Please email your photo to photochallenge@thephotoforum.com.

All photos must include the form when submitted. Just copy and paste it into your email. This will ensure that no mistakes are made when photos are submitted and therefore, hopefully, no photos are excluded. If the form is not included in the submission email the photo will not be included in the challenge gallery and voting process. 

Good luck to everyone and have fun with this challenge!


----------



## mentos_007 (Jul 4, 2006)

oh!!! it's something definitely for me but how can I compete if I have shown you most of my landscapes?!?!?!?!!!! dang ....


----------



## WNK (Jul 4, 2006)

Just to clarify -- this excludes seascapes and cityscapes?


----------



## JTHphoto (Jul 4, 2006)

WNK said:
			
		

> Just to clarify -- this excludes seascapes and cityscapes?


 
I don't think it really excludes anything, as each photographer may have a different take/opinion/view on the subject.  I half expected to see some photos of "Bugs" Bunny for last months challenge...  :mrgreen:   

that's what makes these challenges interesting to me...


----------



## Je-C (Jul 5, 2006)

I was tempted to put in a photo of my 66 VW Beetle otherwise known as a "VW Bug"  hahaha


----------



## TwistMyArm (Jul 5, 2006)

WNK said:
			
		

> Just to clarify -- this excludes seascapes and cityscapes?

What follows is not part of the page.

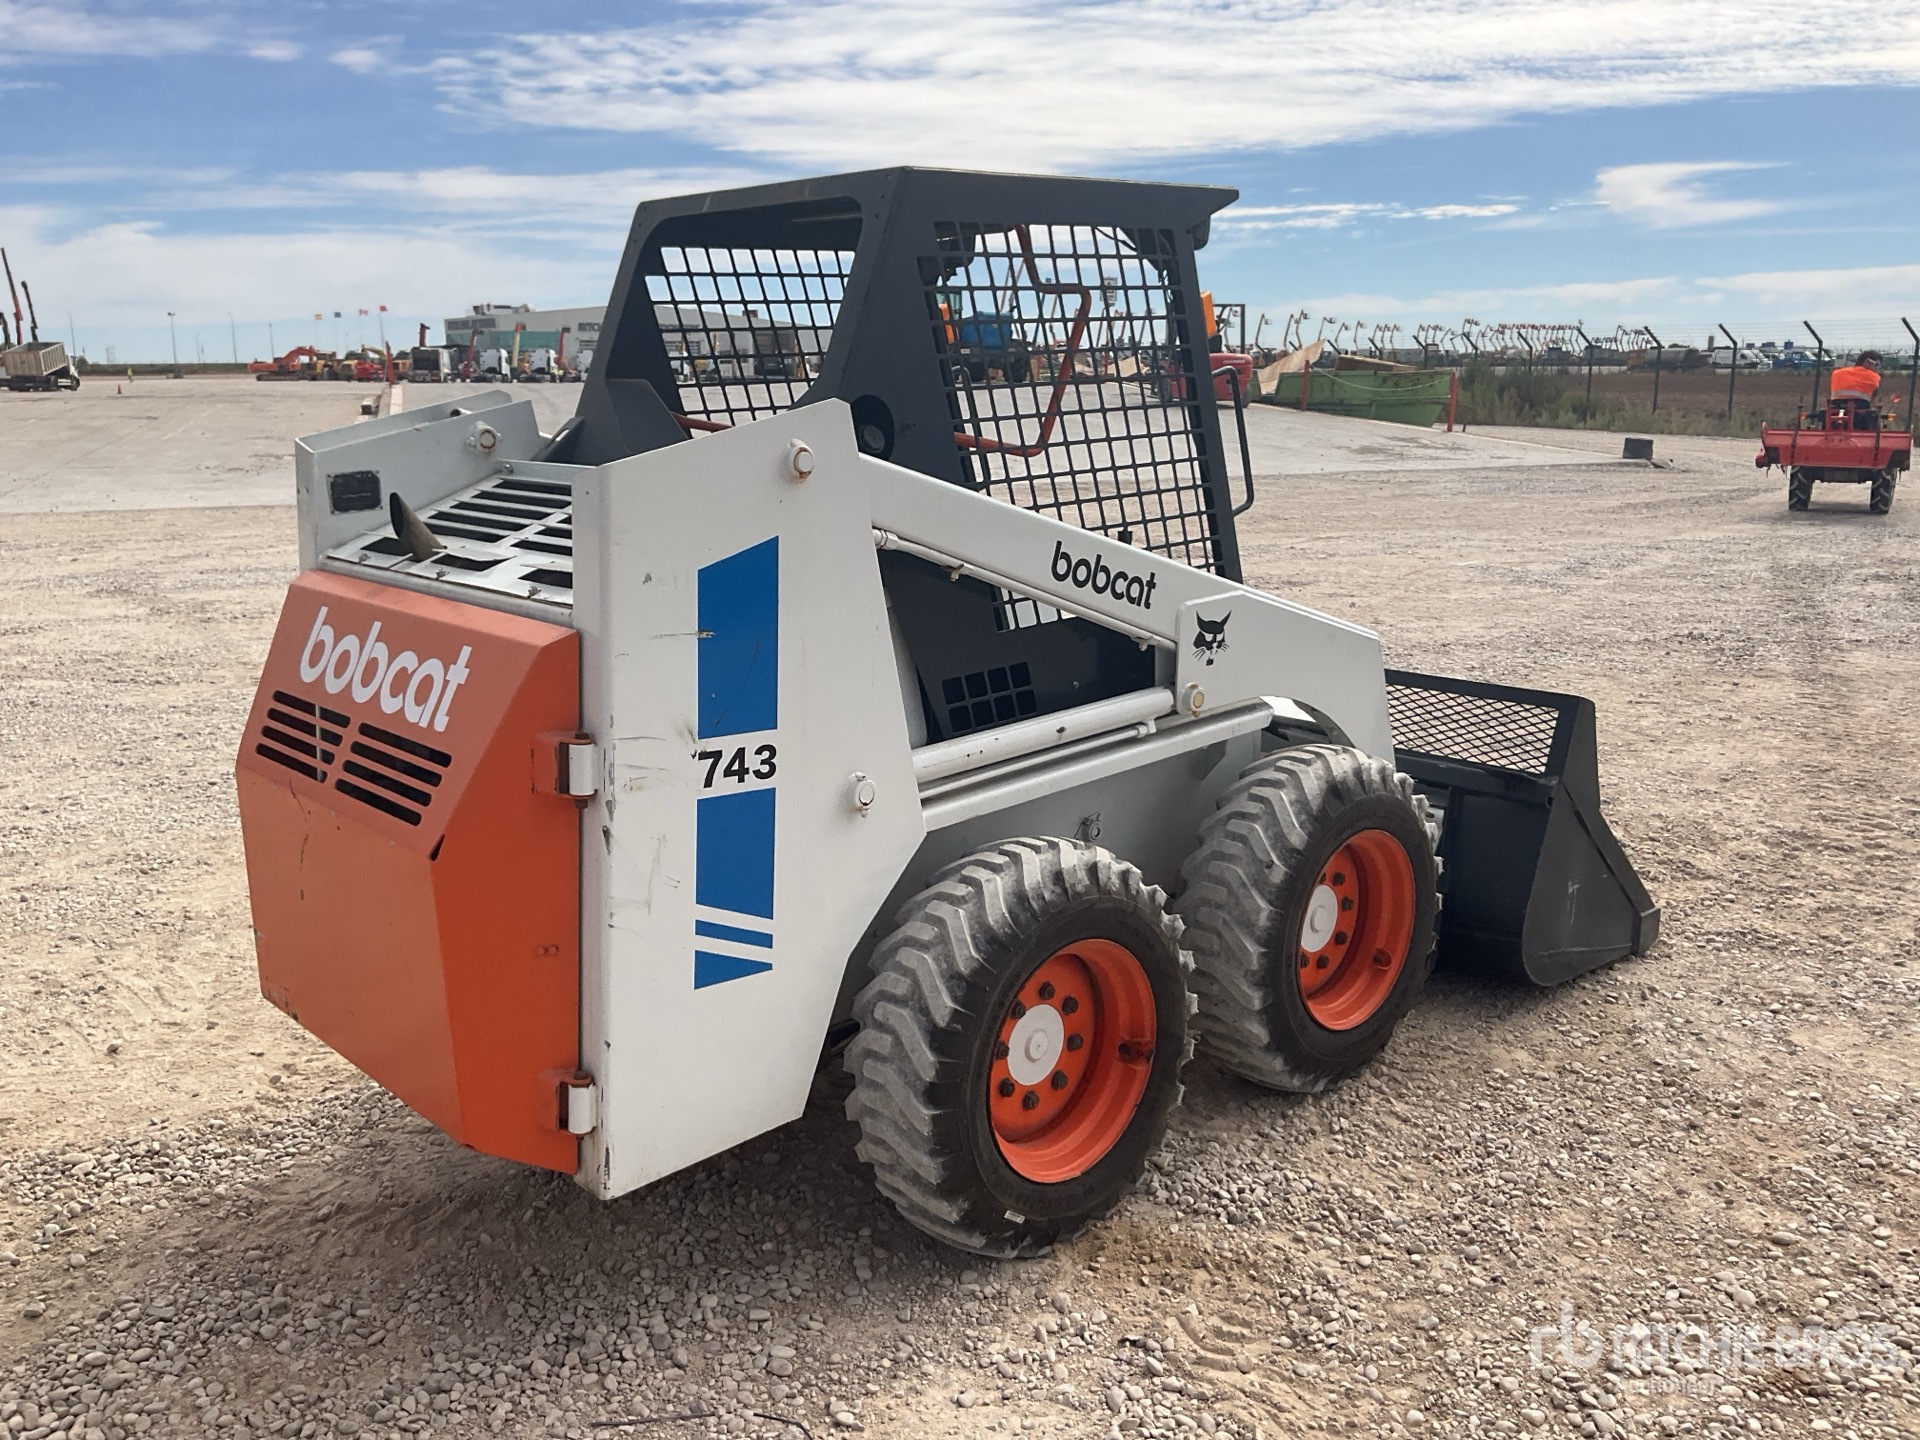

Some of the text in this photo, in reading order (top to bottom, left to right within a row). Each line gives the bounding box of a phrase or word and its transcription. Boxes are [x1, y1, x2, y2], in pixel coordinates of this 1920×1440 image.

[1051, 540, 1156, 609] bobcat
[300, 606, 472, 732] bobcat
[697, 744, 777, 788] 743

You can submit seascapes or cityscapes


----------



## JohnMF (Jul 8, 2006)

this will be an extremely tough competition this month, with such a classic and popular subject


----------



## stingman777 (Jul 9, 2006)

So...if the photo is taken in landscape orientation (rather than portrait) does that count as a landscape?   j/k


----------



## ChckLiz (Jul 10, 2006)

Question... is 82 K smaller or bigger than 150 KB.. my head hurts and I wouldn't know if it is or not lol


----------



## darin3200 (Jul 10, 2006)

ChckLiz said:
			
		

> Question... is 82 K smaller or bigger than 150 KB.. my head hurts and I wouldn't know if it is or not lol


smaller


----------



## ChckLiz (Jul 10, 2006)

good deal


----------



## mayakasi (Jul 11, 2006)

mentos_007 said:
			
		

> oh!!! it's something definitely for me but how can I compete if I have shown you most of my landscapes?!?!?!?!!!! dang ....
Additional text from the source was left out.